Work required → Print out each entry below exactly; do not carry over any image.

[Phrase grounding data]
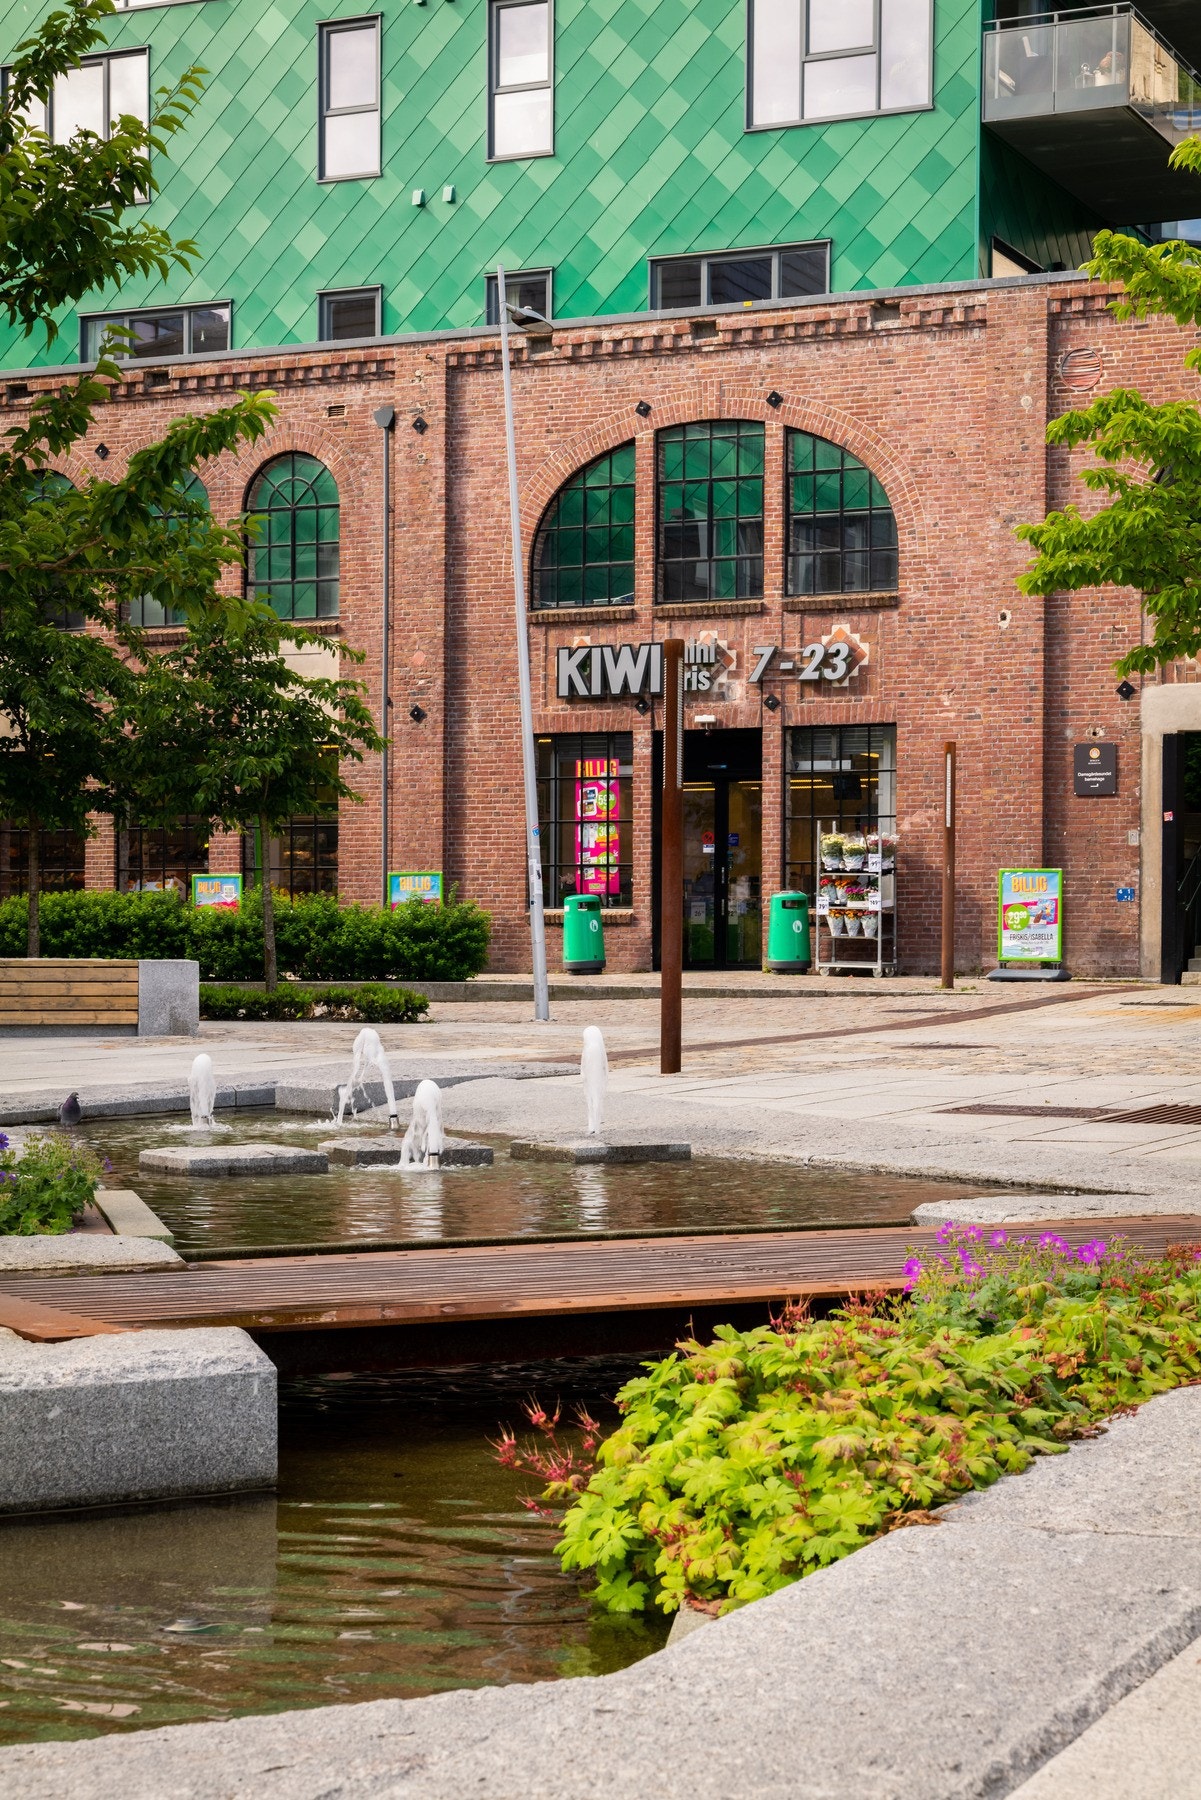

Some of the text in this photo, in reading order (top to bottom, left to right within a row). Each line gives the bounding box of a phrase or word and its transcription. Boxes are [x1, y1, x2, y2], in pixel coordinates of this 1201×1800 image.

[557, 642, 664, 697] KIWI
[197, 881, 222, 894] BILLIG
[400, 876, 431, 891] BILLIG
[1011, 876, 1048, 893] BILLIG

Output below →
Some of the text in this photo, in reading order (top to bottom, left to right within a row). Each line gives the bounding box of a phrase or word and its transcription. Boxes are [x1, y1, x2, y2], in pixel coordinates of this 1201×1800 image.

[557, 642, 664, 697] KIWI
[197, 881, 222, 894] BILLIG
[400, 876, 431, 891] BILLIG
[1011, 876, 1048, 893] BILLIG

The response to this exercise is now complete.